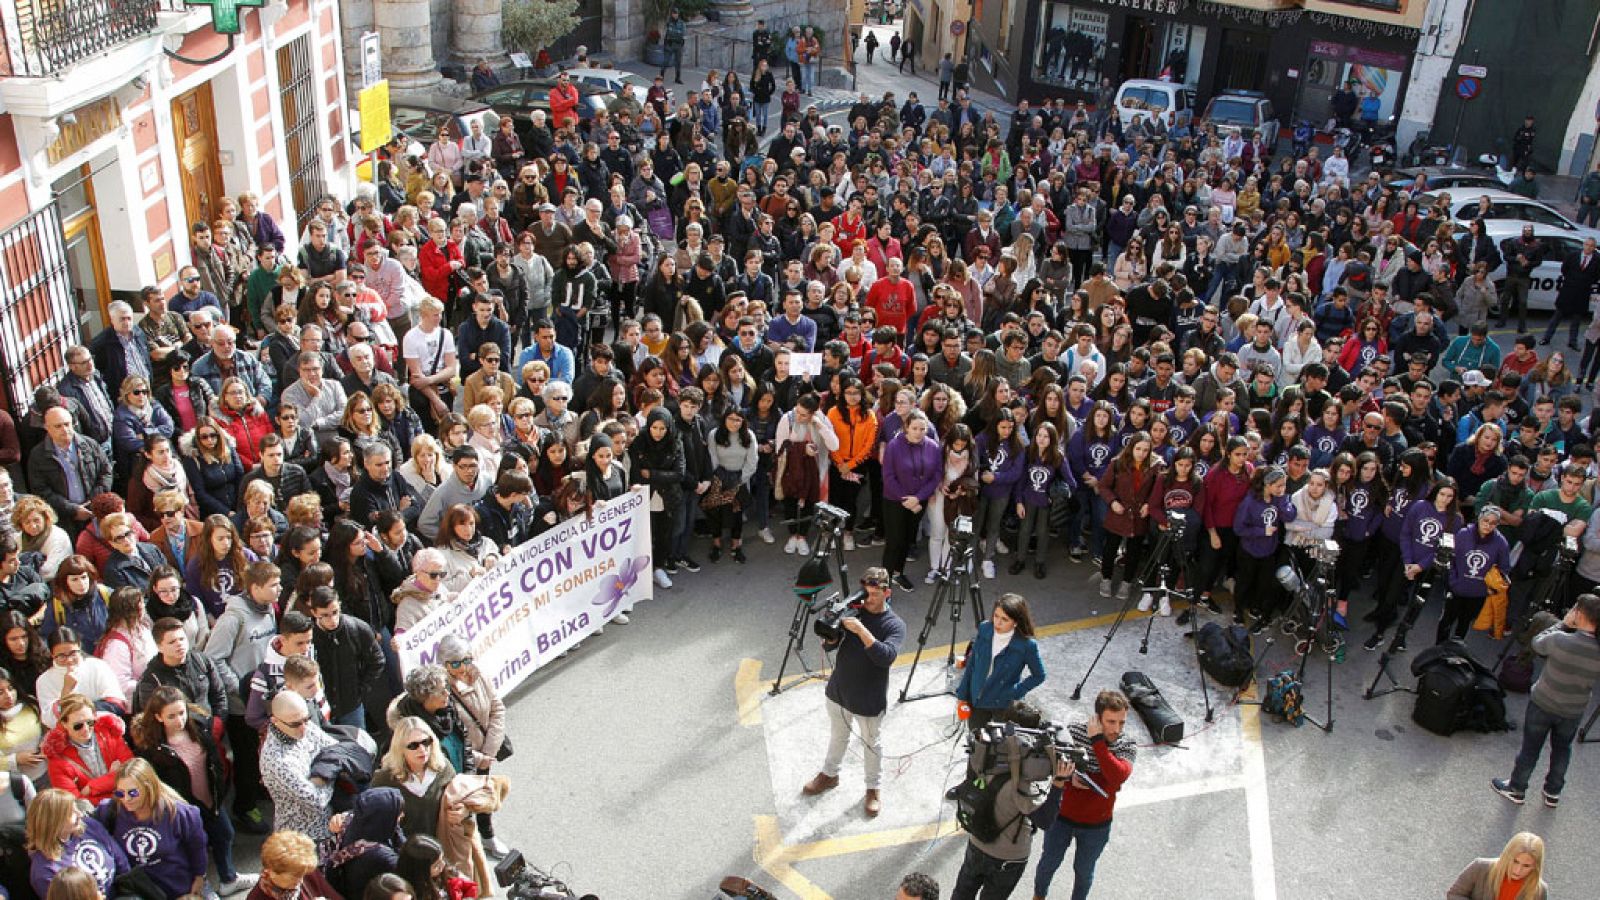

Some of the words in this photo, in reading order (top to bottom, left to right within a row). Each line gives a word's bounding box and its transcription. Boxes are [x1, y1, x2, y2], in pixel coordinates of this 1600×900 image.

[406, 601, 466, 650] ASOCIACO
[505, 558, 517, 574] LA
[520, 525, 578, 564] VIOLENCIA
[598, 494, 643, 524] GENERO
[420, 581, 513, 665] MERES
[520, 546, 573, 593] CON
[581, 517, 632, 560] VOZ
[535, 591, 550, 610] MI
[554, 557, 616, 598] SONRISA
[492, 649, 531, 690] arina
[536, 612, 590, 654] Baixa
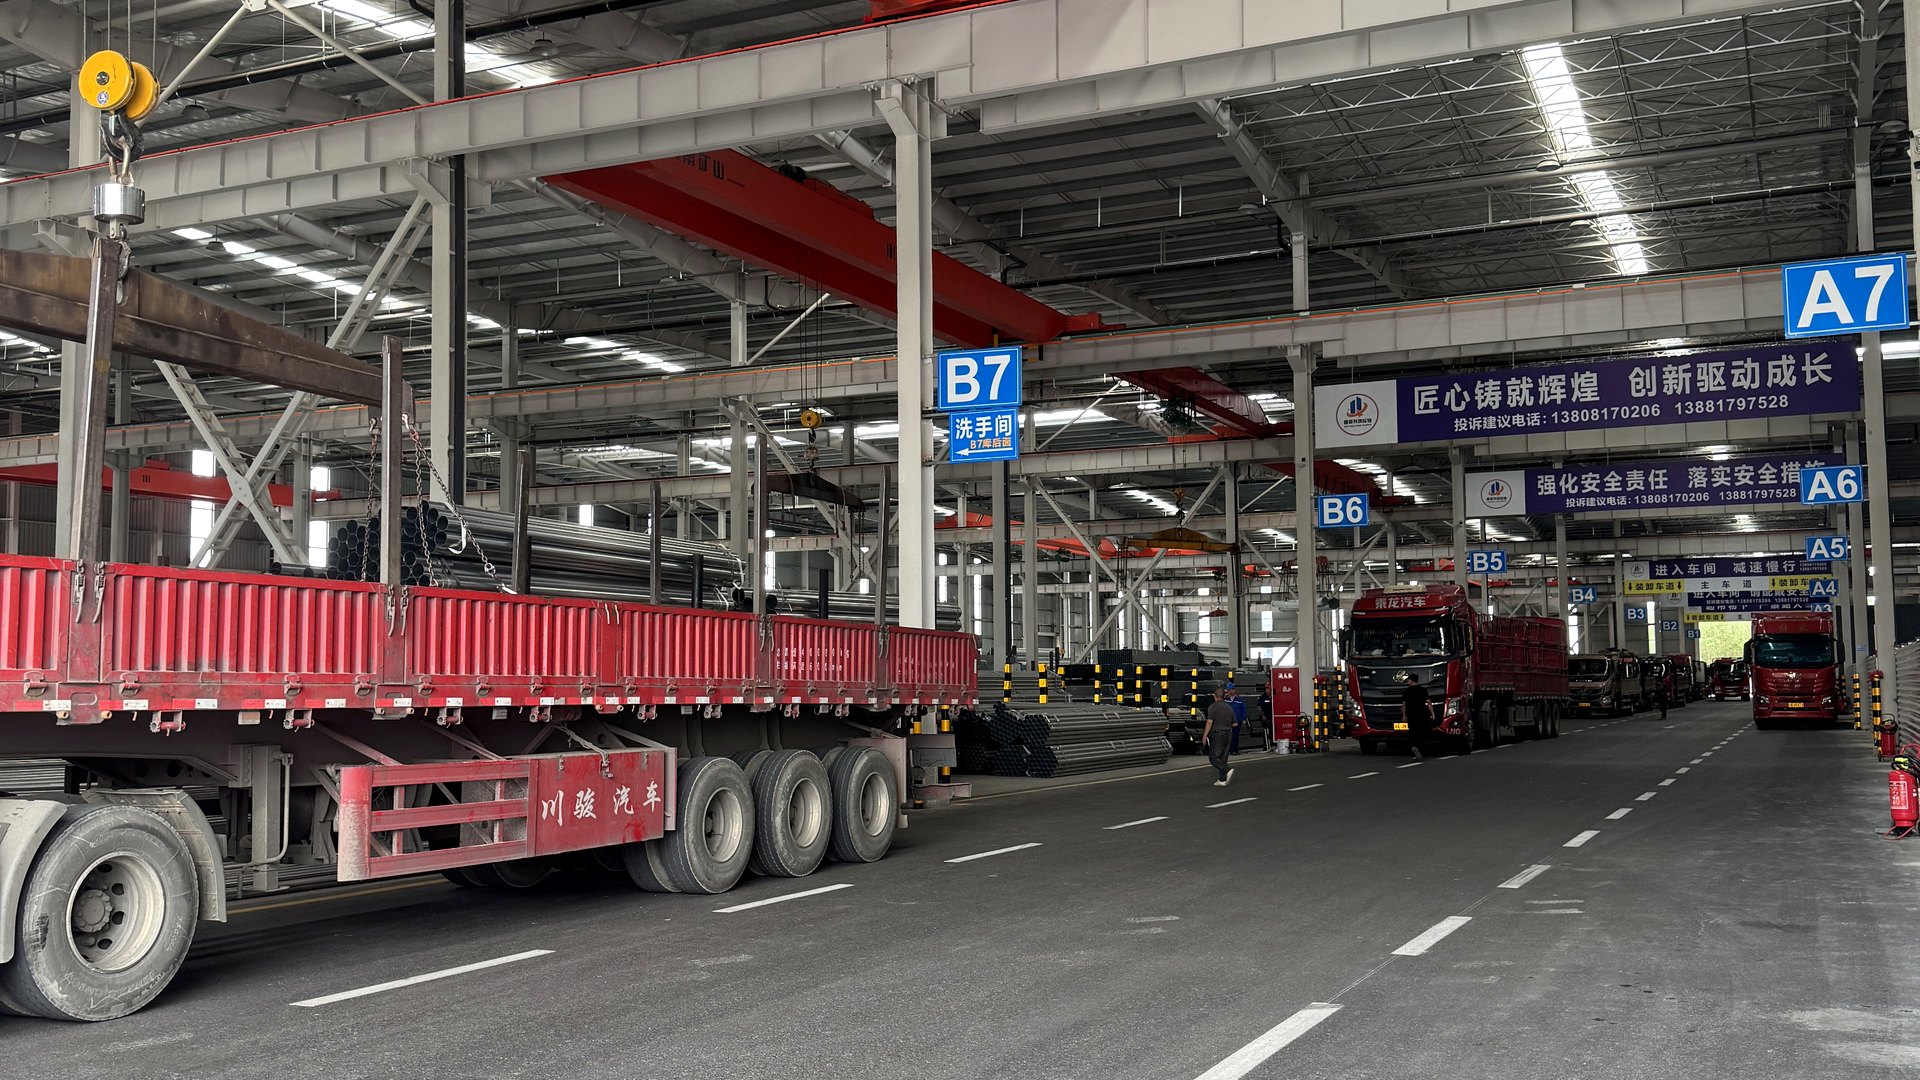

§ What is required:
Would you restate all of the data above word for word, omitting the pictures?

§ Response for this exercise:
Some of the words in this photo, in reading order (top to bottom, left to right within a row). Each line gives a word's bounding box and its transcription. Boxes are [x1, y1, x2, y2], in pixel coordinates of this 1600×900 image.

[406, 601, 466, 650] ASOCIACO
[505, 558, 517, 574] LA
[520, 525, 578, 564] VIOLENCIA
[598, 494, 643, 524] GENERO
[420, 581, 513, 665] MERES
[520, 546, 573, 593] CON
[581, 517, 632, 560] VOZ
[535, 591, 550, 610] MI
[554, 557, 616, 598] SONRISA
[492, 649, 531, 690] arina
[536, 612, 590, 654] Baixa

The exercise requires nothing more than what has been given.